CWM derides capitalism as a “bourgeois” economic system whose underlying “profit motive” and its “prevailing concern for acquisition and material interests” renders it “far from God’s justice.” Under capitalism, says the organization, “those in power” constitute “a non-producing class” of exploiters who “systematically rob” every laborer of “that wealth which he produces over and above what is need[ed] for his bare maintenance.”

Impugning employers for devaluing labor as merely “an item in the expense sheet,” CWM contends that capitalism “divides society” by “pitting owners against workers in perpetual conflict over wealth and its control”; by encouraging employers to “live off the sweat of [the workers’] brows”; by creating “an unjust distribution of wealth” and a “widening gap between rich and poor”; and by designating “class, race and sex” as the main factors that “determine personal worth and position.” Further, says CWM, capitalism imposes huge psychological costs by excluding most people “from meaningful work,” causing them to feel “alienated from the products of their labor,” and sowing a “spiritual destitution” which manifests as “madness, promiscuity and violence.”

To combat the pathologies created by capitalism, CWM advocates “a complete rejection of the present social order”; “a withdrawal from the capitalist system so far as each one is able to do so”; and “a non-violent revolution to establish an order more in accord with Christian values.” By such measures, says CWM, people can establish a “new society within the shell of the old”—“a cooperative social order” of “communitarianism” without “extremes of wealth and poverty.”

In pursuit of such a utopia, CWM urges the reorganization of society into a host of “decentralized cooperatives” wherein the “widespread and universal ownership by all men of property” serves as “a stepping stone to a communism that will be in accord with the Christian teaching of detachment from material goods.”

Opposed, on moral principle, to the accumulation of personal wealth, CWM contends that “what anyone possesses beyond basic needs does not belong to him but rather to the poor who are without it.” Thus the organization embraces the doctrine of the “preferential option for the poor,” a concept closely aligned with the tenets of liberation theology.

Emphasizing “the need for disarmament and alternatives to war,” CWM condemns “the deliberate taking of human life for any reason.” By logical extension, the organization endorses all manner of strategies to undermine militarism: refusing to pay taxes; claiming conscientious-objector status in order to avoid conscription; refusing to comply with unjust laws; and participating in nonviolent strikes, boycotts, protests, or vigils.
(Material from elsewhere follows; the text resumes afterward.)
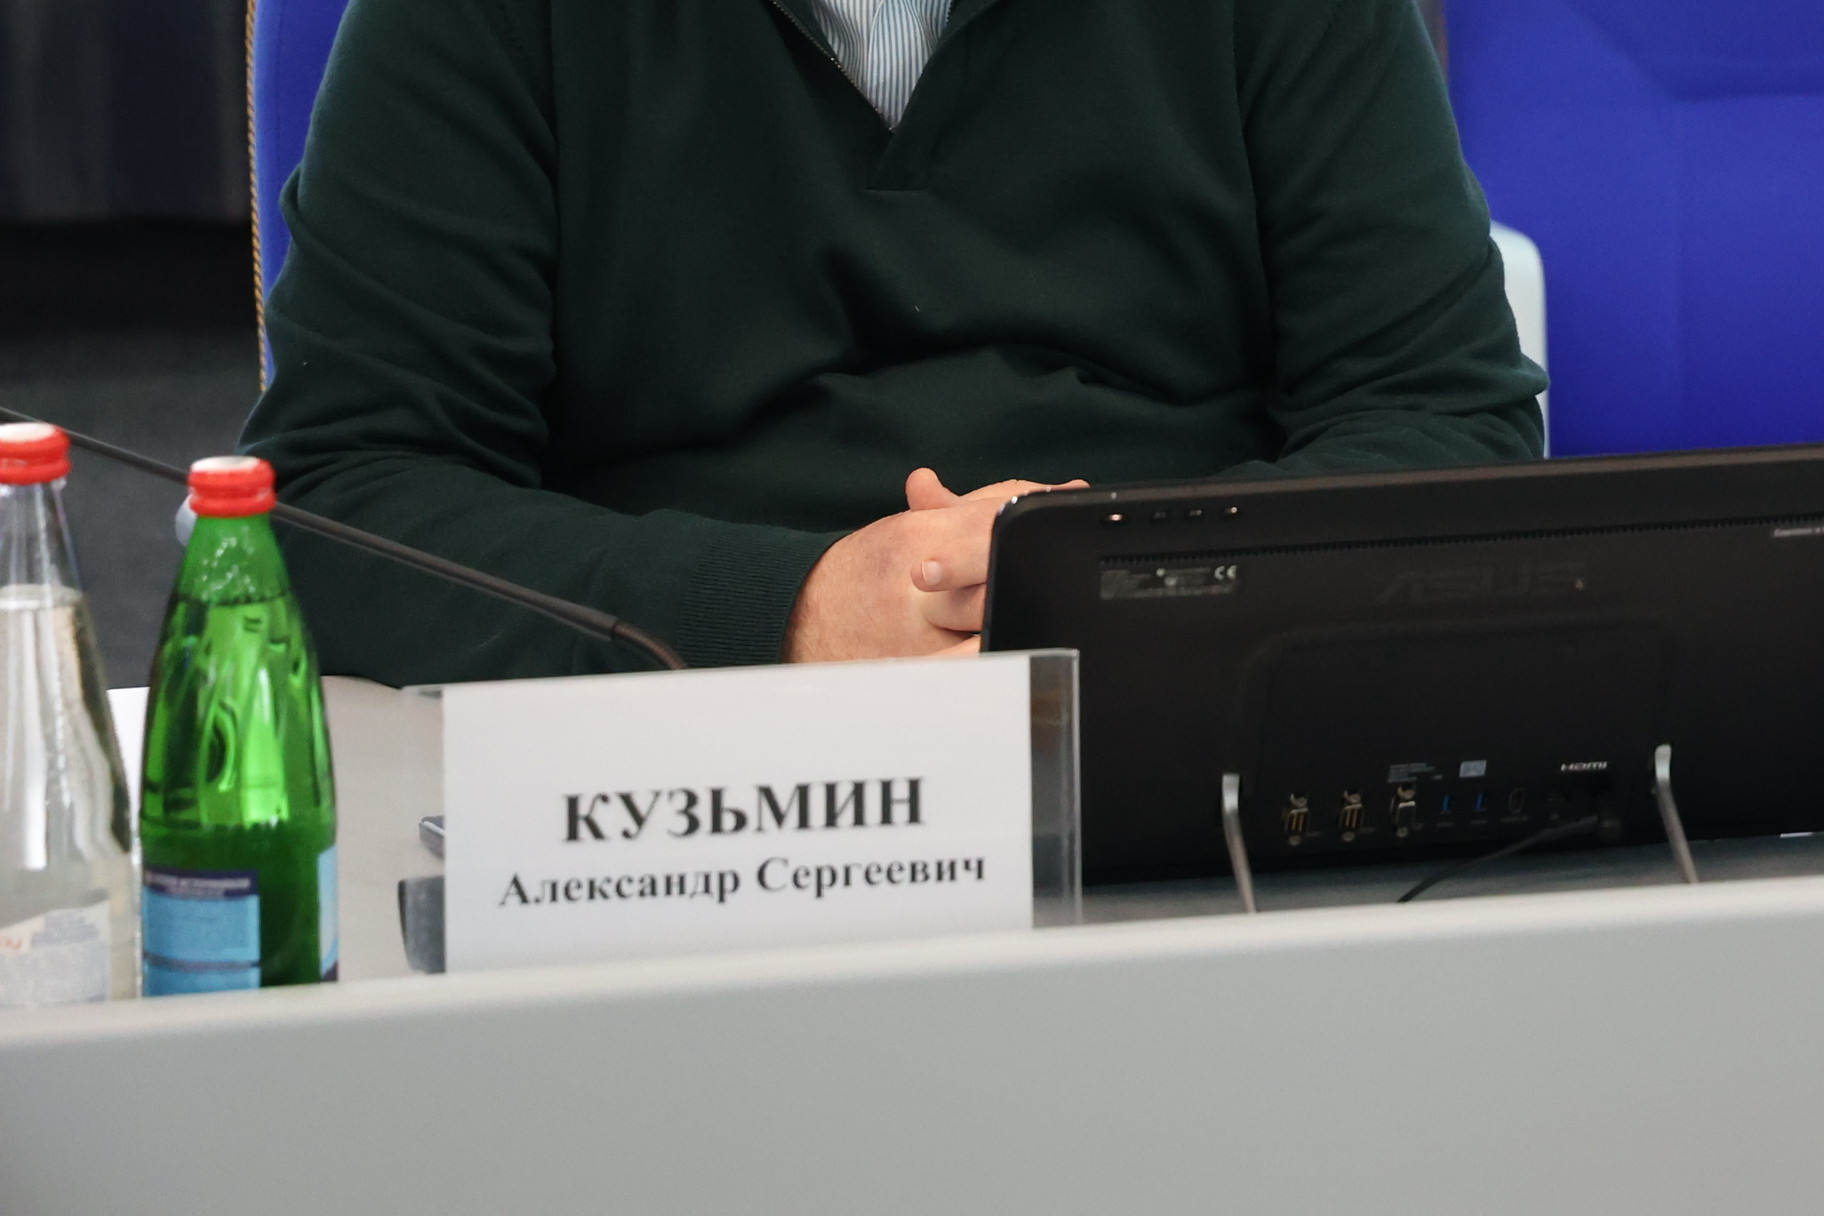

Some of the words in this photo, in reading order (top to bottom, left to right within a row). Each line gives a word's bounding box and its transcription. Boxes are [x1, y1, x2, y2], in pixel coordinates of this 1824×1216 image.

[563, 777, 924, 843] КУЗЬМИН
[499, 870, 741, 906] Александр
[756, 858, 986, 898] Сергеевич
The organization Voices in the Wilderness, founded in 1995, was led almost exclusively by individuals sympathetic to CWM.

Since Dorothy Day’s death, CWM has had no central leader; it possesses neither a board of directors, a formal system of governance, an endowment, a payroll, nor a pension plan. Today there are more than 130 Catholic Worker communities in 32 U.S. states and eight foreign countries; each community is autonomous.

CWM continues to publish The Catholic Worker, with a circulation of approximately 90,000, seven times per year. Moreover, the Movement has given rise to such offshoots as the Association of Catholic Trade Unionists, the Catholic Peace Fellowship, and Pax Christi USA.